With Ford planning to invest more than $30 billion in its electrification program this coming decade, expect to see some existing nameplates make the transition to all-electric, while others will simply go away.
The Lincoln Corsair will get a complete BEV makeover, for example, reemerging as the Corsair-E, several sources confirmed. Other familiar badges will vanish, however, starting with the current Ford Edge and Lincoln Nautilus models.
Edge has been on the edge for some time and its imminent demise appears to be due to factors beyond just Ford’s shift to electrification, TheDetroitBureau.com was advised. It is the weak link in the Ford line-up, with more popular models sitting just above and just below in the brand’s hierarchy that could readily fill the gap, Ford planners believe, once Edge goes away.

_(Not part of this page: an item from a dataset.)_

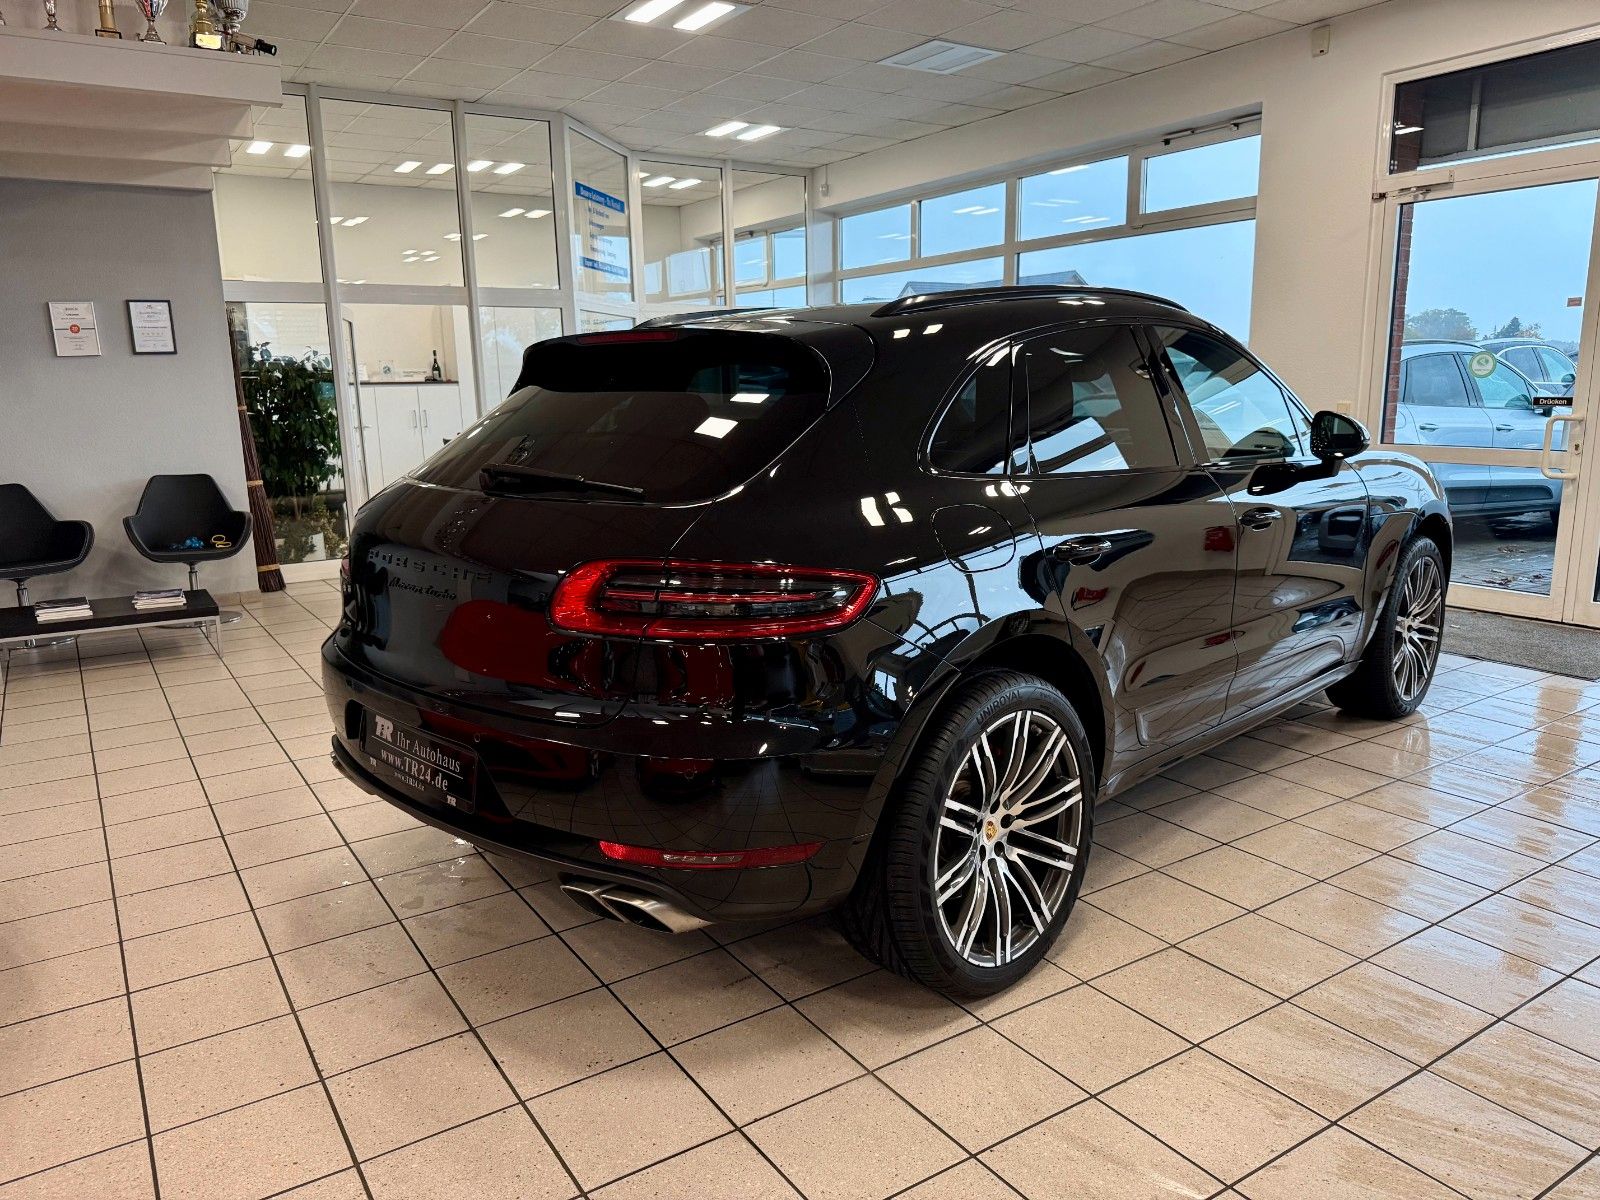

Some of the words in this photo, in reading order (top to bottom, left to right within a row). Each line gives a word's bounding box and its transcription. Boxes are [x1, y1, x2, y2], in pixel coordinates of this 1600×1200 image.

The same is the case with Nautilus.
A “deeper” story
The fate of the two crossovers again came to the fore this week when Automotive News reported on the shape the Ford and Lincoln portfolios will take during the next few years. It appeared to confirm long-standing rumors concerning the fate of Edge and Nautilus. But the story is “deeper” than that, said one well-placed company source cautioned.
For the record, Ford isn’t ready to discuss where its SUV/CUV family is heading.

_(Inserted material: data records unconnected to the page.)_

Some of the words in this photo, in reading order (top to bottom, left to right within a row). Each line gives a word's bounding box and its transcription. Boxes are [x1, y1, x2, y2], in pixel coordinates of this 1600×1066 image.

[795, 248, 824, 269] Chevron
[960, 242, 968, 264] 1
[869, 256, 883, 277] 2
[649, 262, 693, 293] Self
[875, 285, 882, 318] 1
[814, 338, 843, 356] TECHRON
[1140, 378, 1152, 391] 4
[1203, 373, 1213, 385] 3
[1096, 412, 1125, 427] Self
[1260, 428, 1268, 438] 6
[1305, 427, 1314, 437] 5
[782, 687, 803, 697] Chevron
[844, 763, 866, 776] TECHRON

“Both the Ford Edge and Lincoln Nautilus are important part of the Ford and Lincoln line-ups,” stressed spokesman Mike Levine. “Beyond that we don’t comment about spec about future products.”
The two models won’t vanish overnight. Nautilus is scheduled to continue in production through the summer of 2023 and won’t be part of the Lincoln 2024 model year line-up, according to Sam Fiorani, a senior analyst with AutoForecast Solutions. The Edge will be phased out a year later, ending its run with the 2024 model year.
A crowded market
According to Fiorani and other sources, there are several reasons why the two crossovers will go away. To start with, they don’t have the sort of brand equity Ford would worry about losing.
“It’s a crowded market and they’ve been squeezed out by products both above and below them,” said Fiorani, one of the only analysts willing to go on the record. “They have to put a lot of money on the hood (as incentives) to get them out of the door. They could move a buyer up or down (to other products) and get a little more volume and a little more profit.”
In the case of the Ford brand, the belief is models like the Escape and Explorer, along with the newer Bronco and Bronco Sport models, can more than fill in when Edge exits.
It’s not a strategy everyone agrees with. One insider pointed to Toyota as an example of how some brands continue to slice and dice the SUV market into smaller and smaller niches. The Japanese automaker is about to launch the Corolla Cross in-between its existing C-HR and RAV4 models.
Eleven BEVs in the works
There’s yet another element to the Ford strategy. The automaker has aggressively shifted its approach to electrification, this year announcing a 250% bump in the investment it had outlined previously. Along with its first long-range BEV, the Mach-E, and all-electric versions of the F-150 pickup and Transit van, Ford has 11 battery-electric SUVs in the works. And those will both replace existing models while also carving out some new niches.
In some cases, existing models will go all-electric or, as with Mustang and Mustang Mach-E, get electric “brand extensions.” One example is the upcoming Lincoln Corsair-E, said Fiorani.
For its part, Automotive News identified two BEVs coming for Lincoln. One would be the electrified Corsair. The other appears to be the all-electric replacement for the Edge.
As part of its recent deal with Unifor, the Canadian equivalent of the United Auto Workers union, Ford agreed to a complete makeover of the Oakville, Ontario assembly plant currently producing the Edge and Nautilus models. Going forward, the plant will now produce only EVs. It isn’t clear if that will include other new electric models, but Ford certainly will have a number of them coming.
A different approach
Ford is expected to continue offering a mix of different electrified powertrains through this decade and into the 2030s. That’s in contrast to some manufacturers — notably crosstown rival General Motors, which is shifting entirely to BEVs. It’s more in line with Toyota’s strategy of marketing conventional and plug-in hybrids, as well as pure electric products.
But Ford will have the opportunity to accelerate its switch to BEVs since it will have at least four separate BEV platforms to choose from. That includes the homegrown GE2 architecture developed for the Mustang Mach-E, as well as the TE1 truck platform that will go into production for the second-generation Ford F-150 Lightning coming in 2025. (The initial version debuting next year will use a modified version of the conventional F-150’s platform.)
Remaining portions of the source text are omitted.